D’ailleurs, la mise en scène sera complètement transparente. Outre le fait de placer son intrigue dans un bâtiment gris dégueulasse sans pour autant varier les décors, Lake Placid Legacy bénéficie d’une sublime absence de cadre et d’envie de faire peur au spectateur. Si certains passages essayent d’être tendus avec une ambiance moite, on déchantera très vite lorsque le monstre arrivera avec ses pixels et sa démarche chaloupée. D’ailleurs, on notera vite des incohérences comme le fait que les protagonistes entendent le rugissement de la bête mais pas les coups de feu qui le précèdent. Le film s’évertue aussi à disperser ses personnages pour offrir une narration en deux lieux différents, mais cela ne change rien au fait qu’il ne se passe pas grand-chose. Tout comme les mises à mort qui sont ridicules. Si on met de côté celles où l’on ne voit rien hormis une giclure de sang, on pourra voir que le crocodile est une précieuse, décapitant ses proies avant de laisser les corps, où poursuivant ses victimes dans des conduits qui lui sont normalement inaccessibles via sa carrure. Encore une fois, l’incohérence prime sur l’ambiance et une certaine crédibilité. Tout comme la fin débile au possible. Mais cela n’est finalement rien face à l’humour abject qui parsème le métrage, même dans les moments d’extrême tension, comme ce passage où le soi-disant héros se sacrifie pour buter la bestiole. Un moment très gênant qui n’apporte rien à personne, si ce n’est la preuve de la malhonnêteté d’un tel projet.

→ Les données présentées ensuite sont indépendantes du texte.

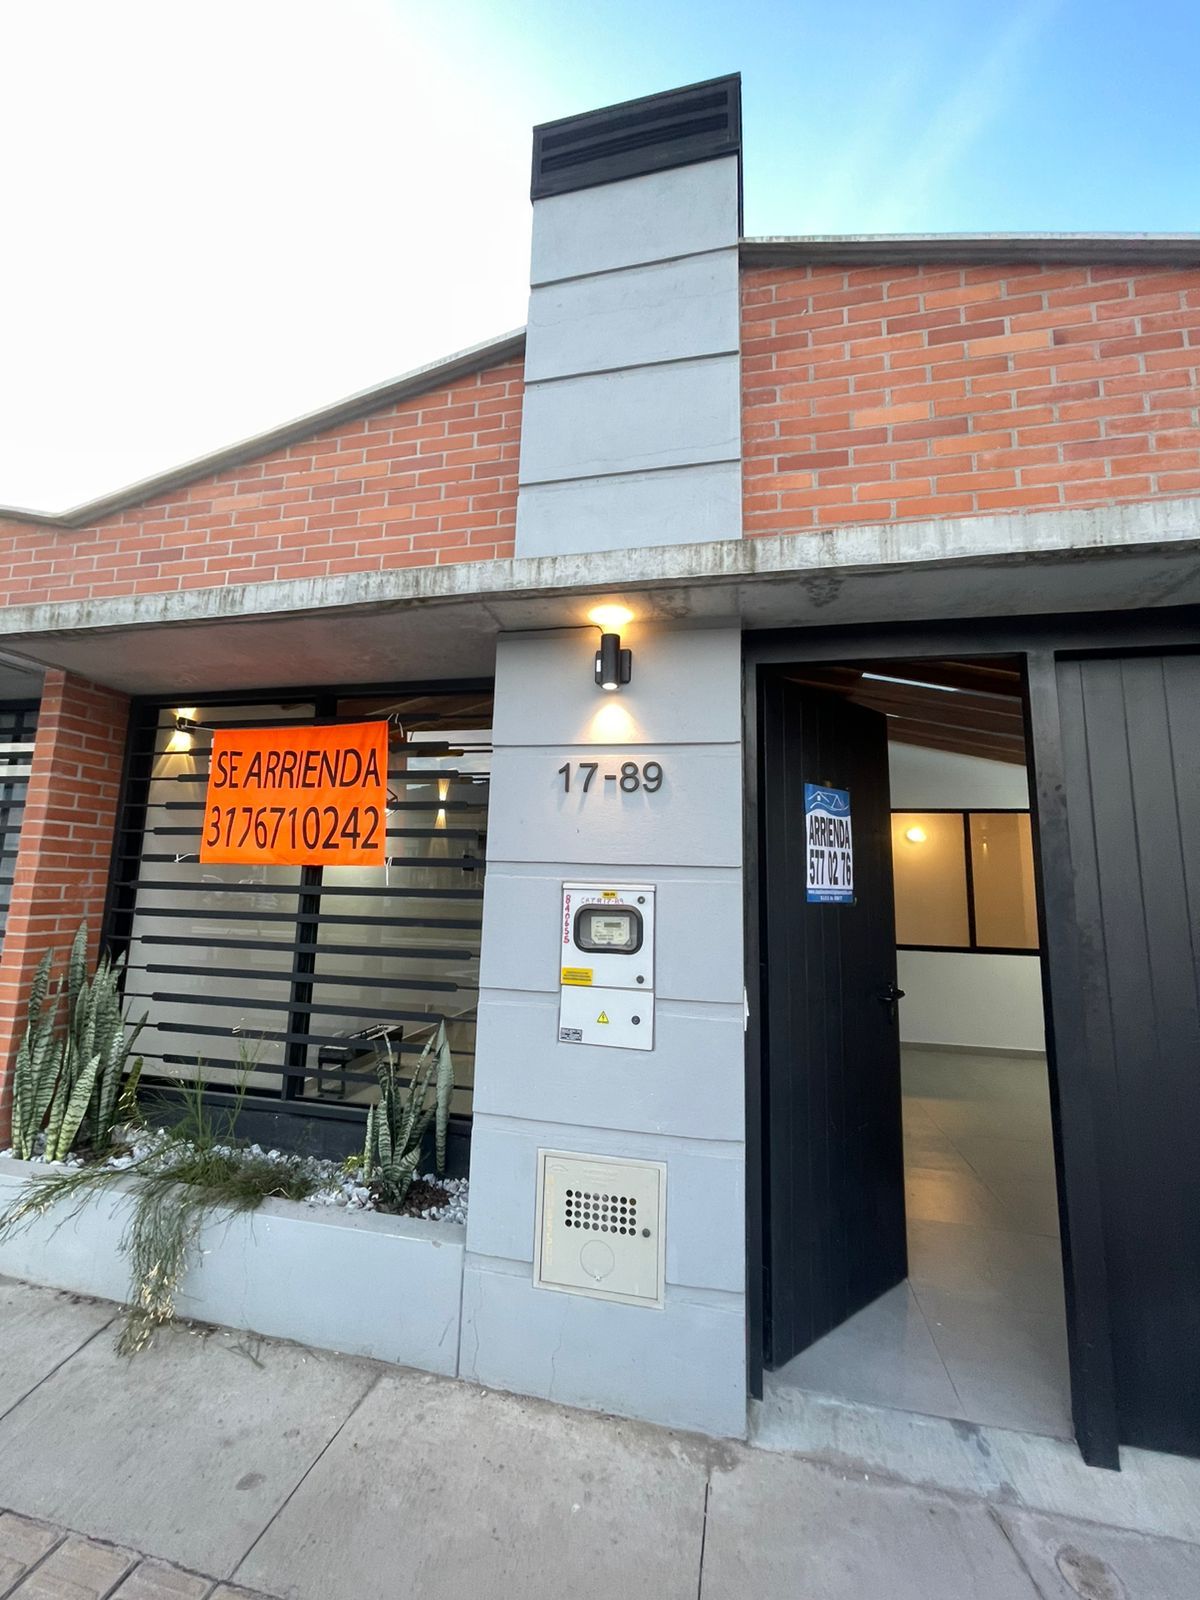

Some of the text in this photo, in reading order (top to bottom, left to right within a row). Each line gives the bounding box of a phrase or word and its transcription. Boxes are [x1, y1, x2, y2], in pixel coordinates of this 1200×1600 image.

Au final, Lake Placid Legacy suit les mêmes chemins cyniques que ses aînés, crachant de façon éhontée dans la soupe de Steve Miner et son bon film, le premier Lake Placid. Avec ce dernier opus en date, on se retrouve face à un DTV bas de gamme, bourré à la ras la gueule de mauvais goût et de personnages fonctions insupportables, le tout porté par une mise en scène sans génie et un monstre de pixels absolument imbuvable. Bref, une purge de plus dans le domaine du survival animalier et c’est presque étonnant de ne pas retrouver Asylum derrière une telle prouesse de mauvais goût.